Dr. Elif Aysimi Duman:
Elif Aysimi Duman is an Assistant Professor of Biopsychology at the Department of Psychology and Center for Life Sciences and Technologies, Bogazici University, Istanbul.  She has a B.Sc. in Molecular Biology and Genetics from Istanbul Technical University, and M.A. in Psychology and Ph.D. in Biopsychology from Stony Brook University, New York. For the last 7 years, she is the PI of Psychoepigenetics Lab at Bogazici University, investigating the role of early life stress on physiology, epigenetics, behavior, health and infant development in different cohorts from infancy to adulthood. She has started the first prospective birth cohort in Turkey called Bogazici Mother Baby Relationship Project

(BABIP) that examines the role of early and perinatal stress on maternal and infant outcomes from pregnancy to two years after birth.
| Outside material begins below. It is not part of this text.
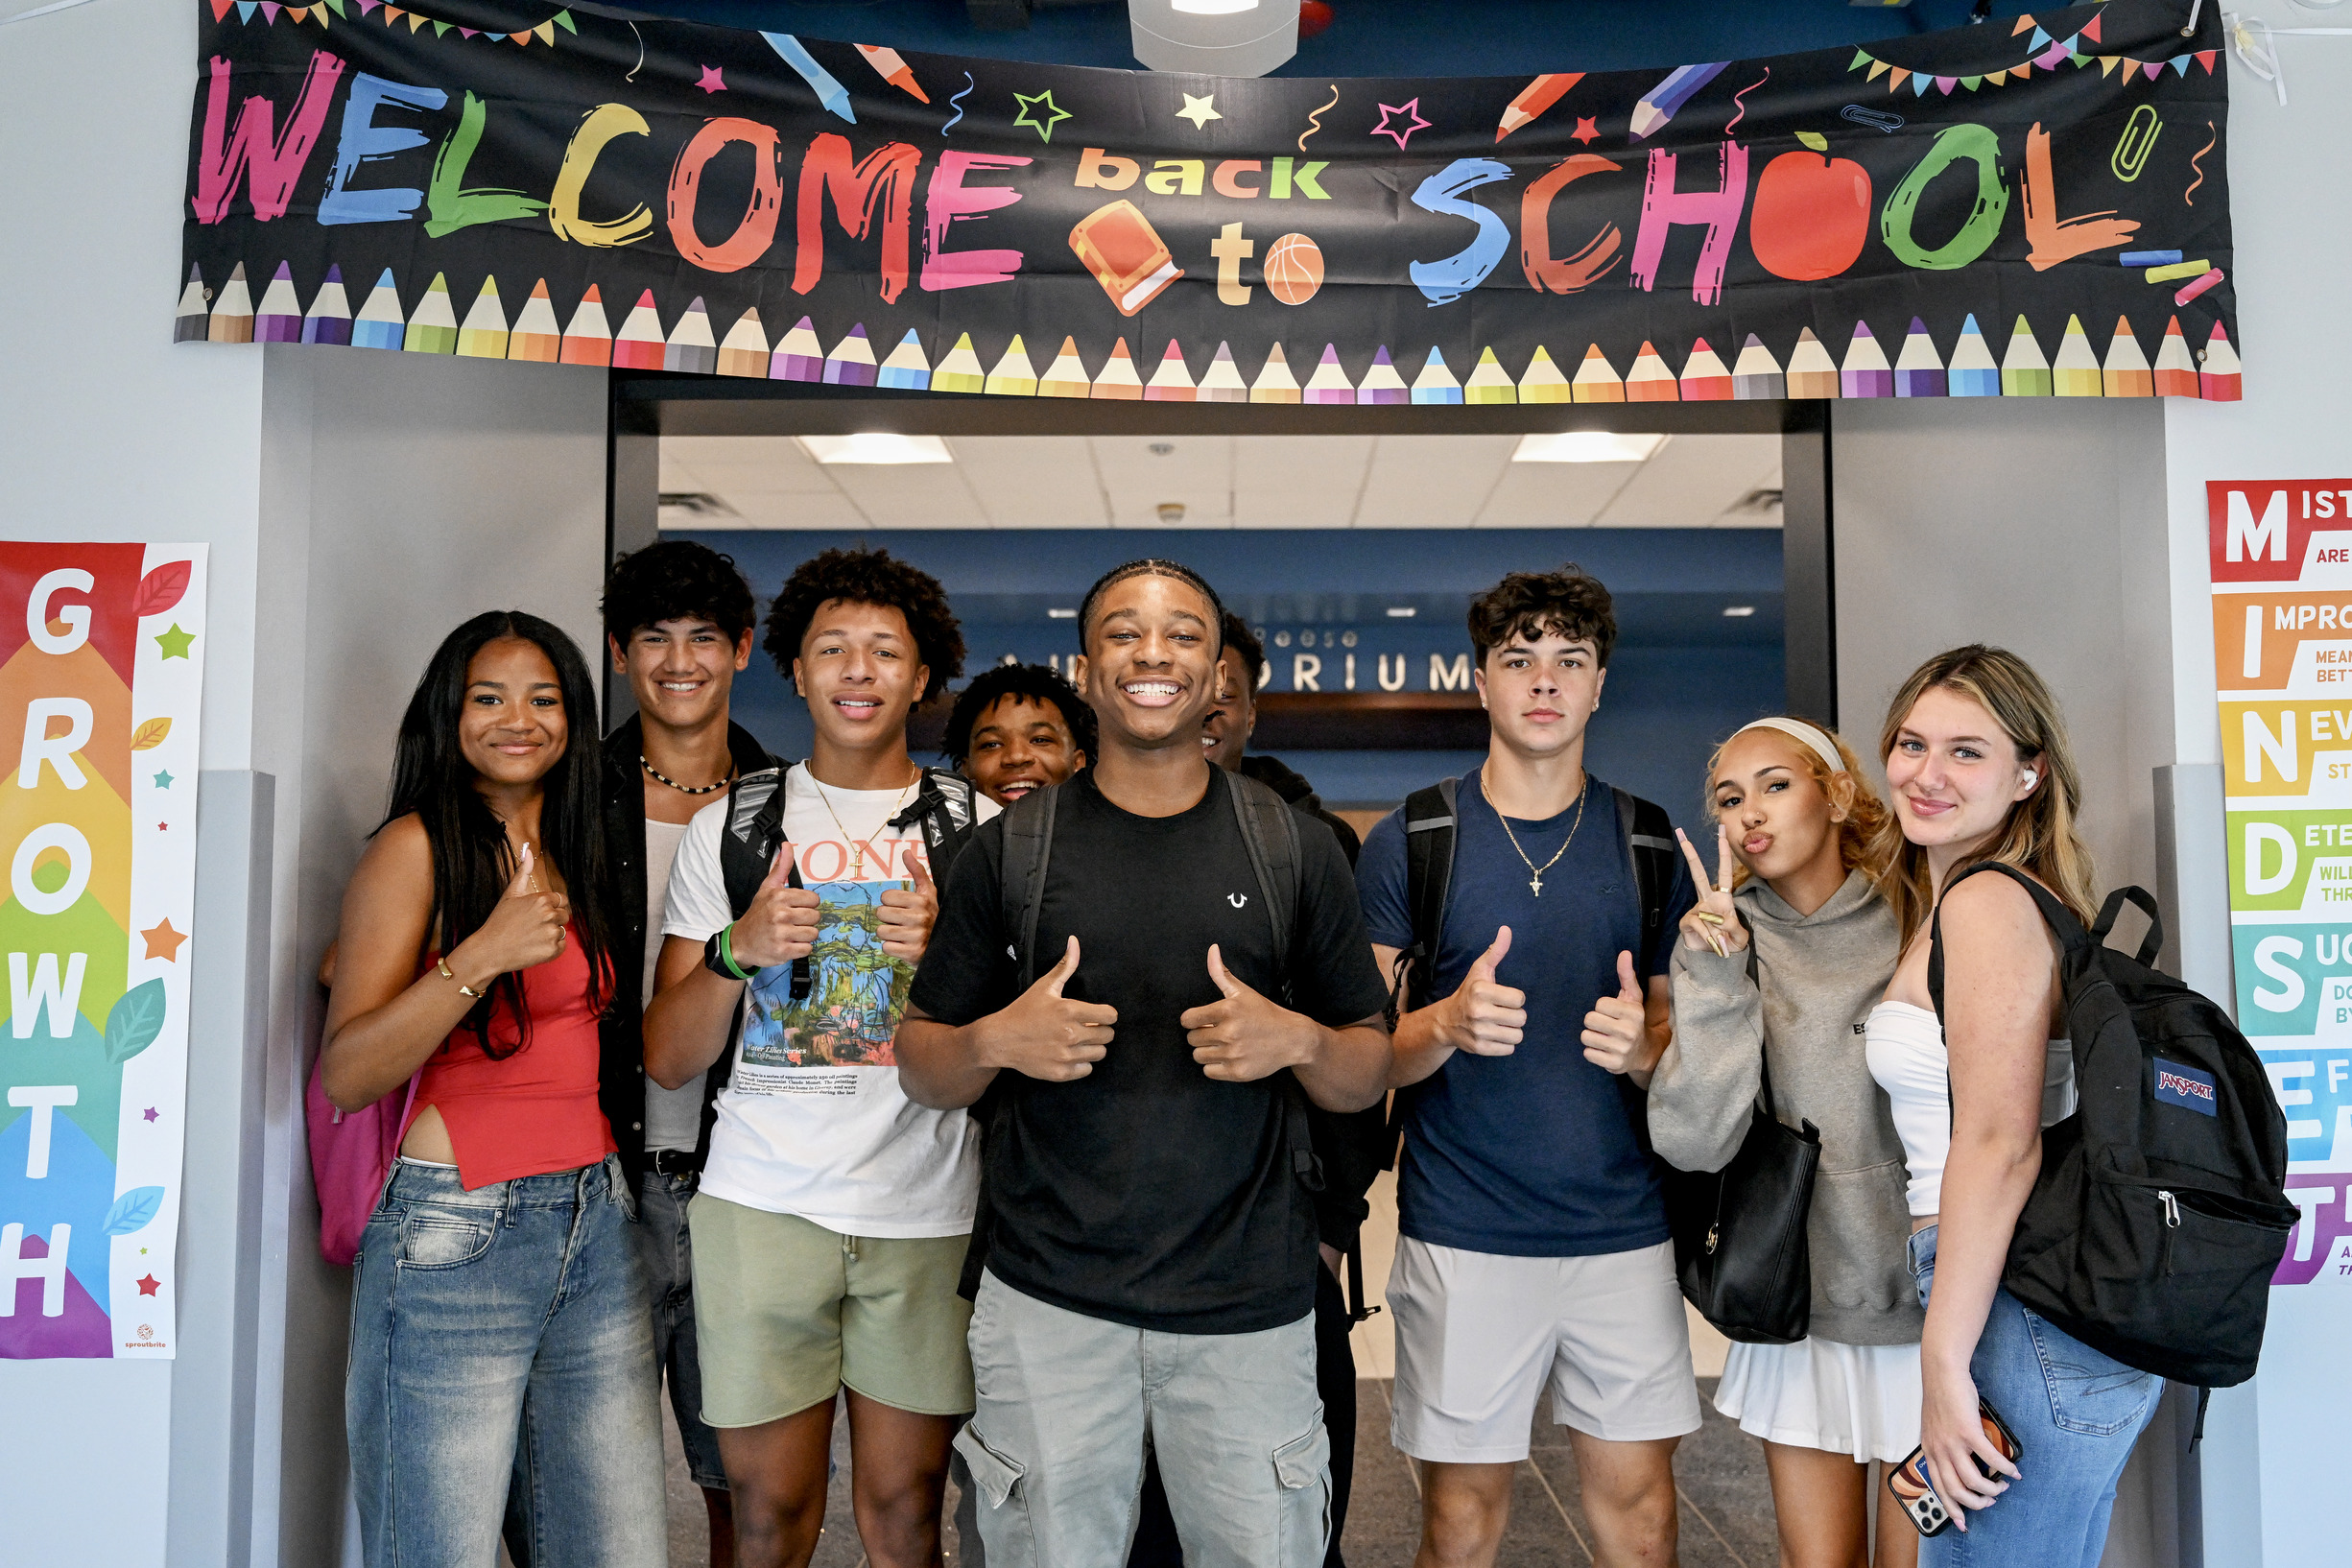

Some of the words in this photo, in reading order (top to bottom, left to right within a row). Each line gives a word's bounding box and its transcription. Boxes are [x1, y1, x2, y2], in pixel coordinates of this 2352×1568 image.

Coinciding with the COVID-19 pandemic, BABIP also continues to collect pandemic-related measures. In relation to this project, she is involved in international research networks and collaborations as well as national and international networks promoting awareness on the importance of maternal mental health and child development.

Dr. Nicolas Rohleder:
Dr. Rohleder's main research interest is the interaction between the central nervous system with the periphery of the body. More specifically, research focuses on how central nervous system states affect biomedical health through efferent signaling pathways. For example, current projects address the question whether and how repeated stress exposure during the lifespan can lead to cumulative organ damage and thus accelerate the aging process.